→ **Exercise goal**
Down to the last line, restate the listing below exactly.

________________________

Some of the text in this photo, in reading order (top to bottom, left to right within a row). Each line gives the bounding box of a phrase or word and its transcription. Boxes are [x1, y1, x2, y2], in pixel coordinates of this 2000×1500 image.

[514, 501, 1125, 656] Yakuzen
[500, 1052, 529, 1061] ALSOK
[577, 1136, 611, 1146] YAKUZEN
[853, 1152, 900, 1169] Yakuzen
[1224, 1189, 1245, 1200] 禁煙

________________________

→ **Written answer**
Some of the text in this photo, in reading order (top to bottom, left to right within a row). Each line gives the bounding box of a phrase or word and its transcription. Boxes are [x1, y1, x2, y2], in pixel coordinates of this 2000×1500 image.

[514, 501, 1125, 656] Yakuzen
[500, 1052, 529, 1061] ALSOK
[577, 1136, 611, 1146] YAKUZEN
[853, 1152, 900, 1169] Yakuzen
[1224, 1189, 1245, 1200] 禁煙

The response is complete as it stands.